Our cartoonist Pascal Élie died last Friday of the consequences of a terrible degenerative disease, which he fought with all his might for more than a decade. To his beloved spouse and his two sons, of whom he was so proud, we offer our most sincere condolences today, in the form of a tribute.
Born somewhere between the end of the baby boom and the beginning of Generation X, Pascal Élie was an eternal freelancer. He made his mark at The Outremont Express, a weekly in which he was already displaying his lively culture, his incisive and biting trait at the expense of the people of Outremont. He held the lighthouse Bar Journal, using his law studies to deride the scholarly Latin expressions that the legal profession holds in such high esteem. He collaborated with the newspaper Deals and to The Press. He held the lighthouse Thirty, the magazine of the Professional Federation of Journalists of Quebec. He happily transgressed linguistic borders on a daily basis The Gazette before joining the To have to.
Every time, his pencil line testified to an ability to merge his news culture, his vast general knowledge, his (a little) dark and twisted humor and the cultural referents of his target readership. He was a funny hybrid animal, capable of soaking up his immediate environment and rising above the group to take a critical and questioning look at the individual and the collective.
Pascal did not only have qualities, despite his undeniable charm. He was the epitome of creative doubt, able to complicate a simple, brilliant idea into a mess that required soul-searching into his tortured soul to figure out what he really meant. If Greg’s Laszlo Zlotz had been a cartoonist, in the comic Achille Talon, he would have looked like the Pascal of the days of questioning.
Marie-Andrée Chouinard, editor-in-chief, and I knowingly hired Pascal to succeed Michel “Garnotte” Garneau in 2019. A collaborator since 2016, the eternal freelancer in him had difficulty claiming for himself- even what was due to him by the strength of his talent and his perseverance: a permanent position in a medium he admired.
The dark part of me wondered what we were going to accomplish, and for how long, with such an inspired, yet fragile cartoonist. I’m ashamed to have doubted for a moment my friend’s stubborn determination to overcome the limitations of an illness that was gradually making him a prisoner of his body. There were days when Pascal couldn’t get up before the late hour of the very fat mornings that one usually only experiences in adolescence. Days when inspiration came to him so close to the deadline for the next day’s edition that he broke into a cold sweat at the desk.
He never complained about his “condition.” He spoke little about it, except with his family and very close friends. He never asked for special treatment. We have seen over the years his face tense up, his speech slow down. We have seen all these little nasties that a degenerative disease imposes on the victim without warning.
Even under the grins and contortions, we always found our Pascal, a mixture of humor, self-mockery, kindness and empathy. Illness has never succeeded in overcoming this humanity and this dignity anchored in the depths of his soul. In this, he will have been a model of courage and stoic resignation in the face of adversity.

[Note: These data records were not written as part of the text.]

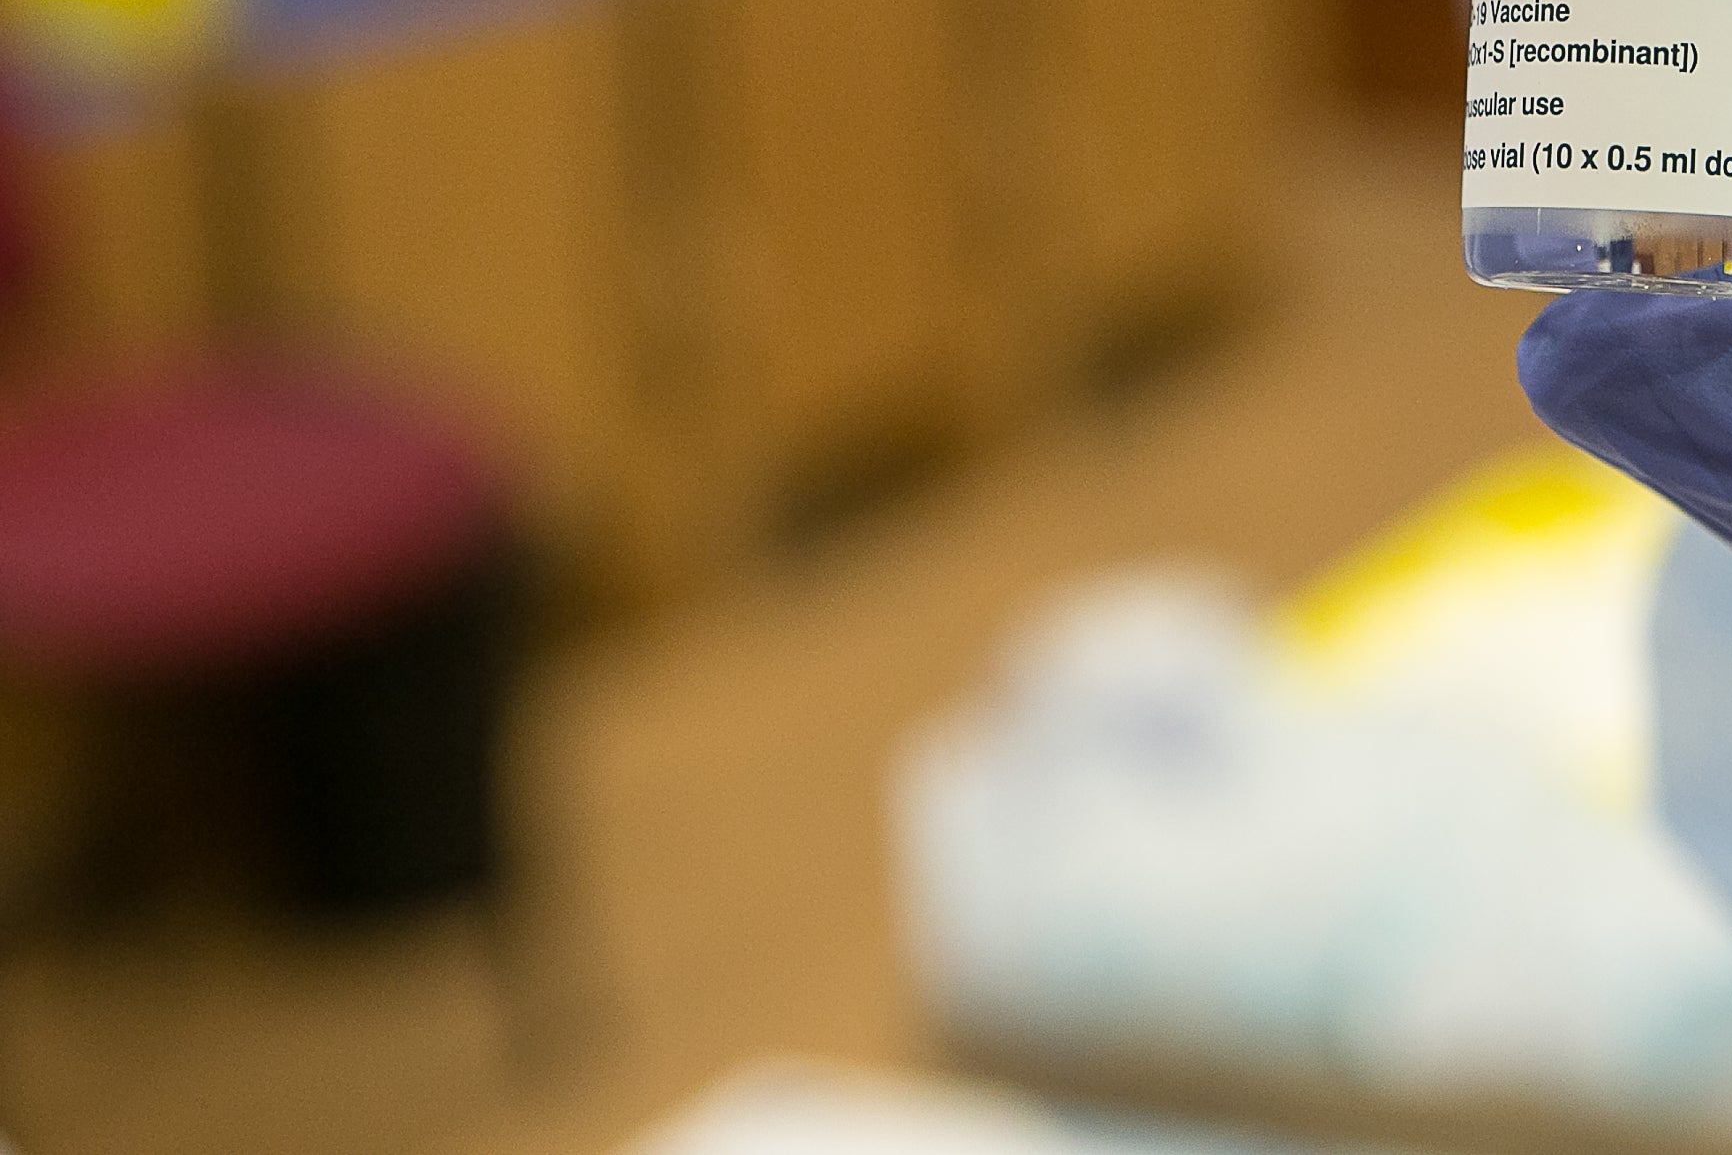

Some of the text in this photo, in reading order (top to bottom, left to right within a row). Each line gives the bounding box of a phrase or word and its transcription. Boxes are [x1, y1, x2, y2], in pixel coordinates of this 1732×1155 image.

[1471, 1, 1487, 25] -19
[1509, 39, 1699, 73] [recombinant])
[1467, 91, 1564, 117] uscular use
[1490, 142, 1525, 168] vial
[1532, 142, 1573, 175] (10
[1580, 148, 1599, 170] x
[1607, 145, 1652, 171] 0.5
[1661, 148, 1696, 174] ml
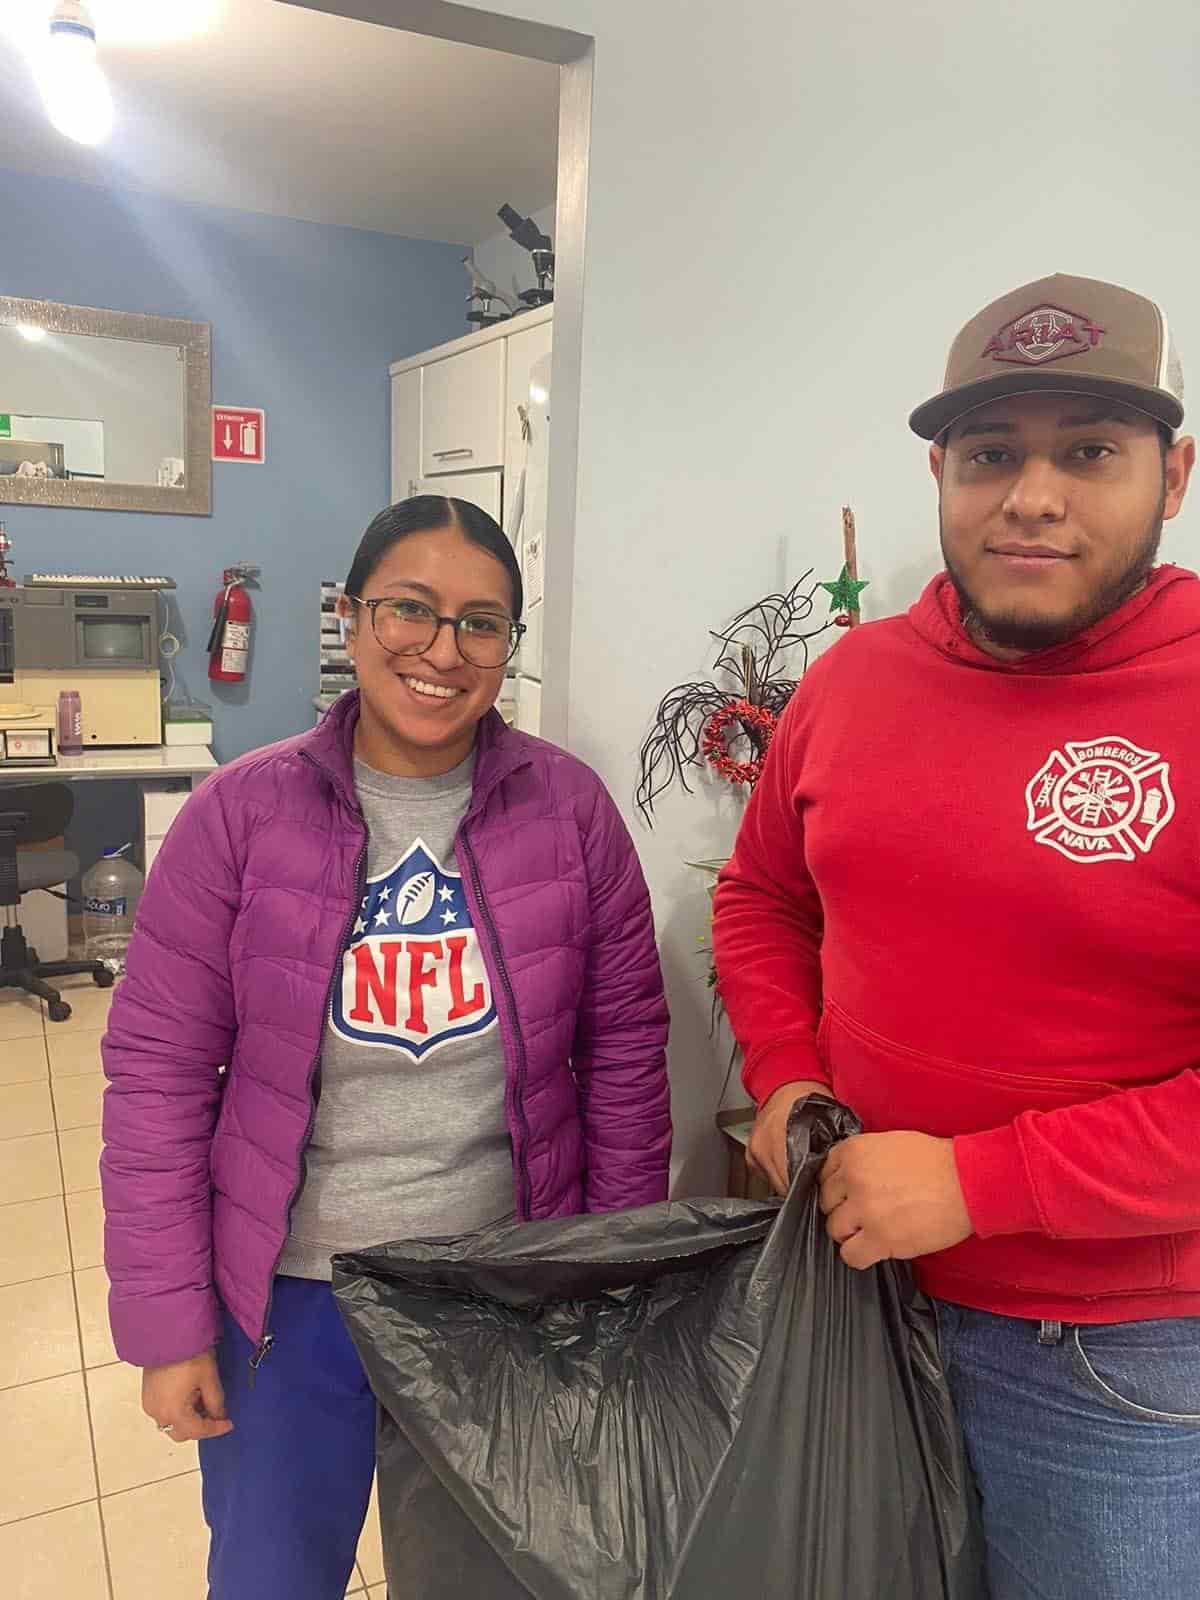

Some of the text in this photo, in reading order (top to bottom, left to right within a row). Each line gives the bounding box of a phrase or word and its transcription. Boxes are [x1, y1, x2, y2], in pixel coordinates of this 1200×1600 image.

As a joke, I sometimes said that Pascal Élie was officially employed at the To have to, but that he reported unofficially to Serge Chapleau! The two companions and friends exchanged daily on their respective ideas from the early hours of the day, when the light of inspiration is not yet veiled by the dark anguish of the daily deadline. Real balls of doubt, inspiration and questioning, Serge and Pascal tested an idea here, they perfected the punch of a gag there.
In a media universe too often marked by fierce competition between the media and professional rivalries, their complicity was admirable. It reminds us that collaboration is more fruitful than the appetite for individual gain in creative professions, such as journalism, a profession in which caricature is one of the most original and precious genres… And fragile, because the brotherhood already limited to Quebec has just lost one of its most illustrious gentleman.
Exceptionally, Serge Chapleau returns today to our pages and platforms, 26 years after his departure for The Press, to pay tribute to his colleague and friend. It is in the order of things that he wears the HB lead pencil in the wound, with this sublime drawing which brings us back to the contorted humanity of Pascal. We warmly thank Serge Chapleau and the management of The Press for responding gracefully to this special request. Pascal deserves his mentor to accompany him one last time, gently, with respect, sadness and admiration.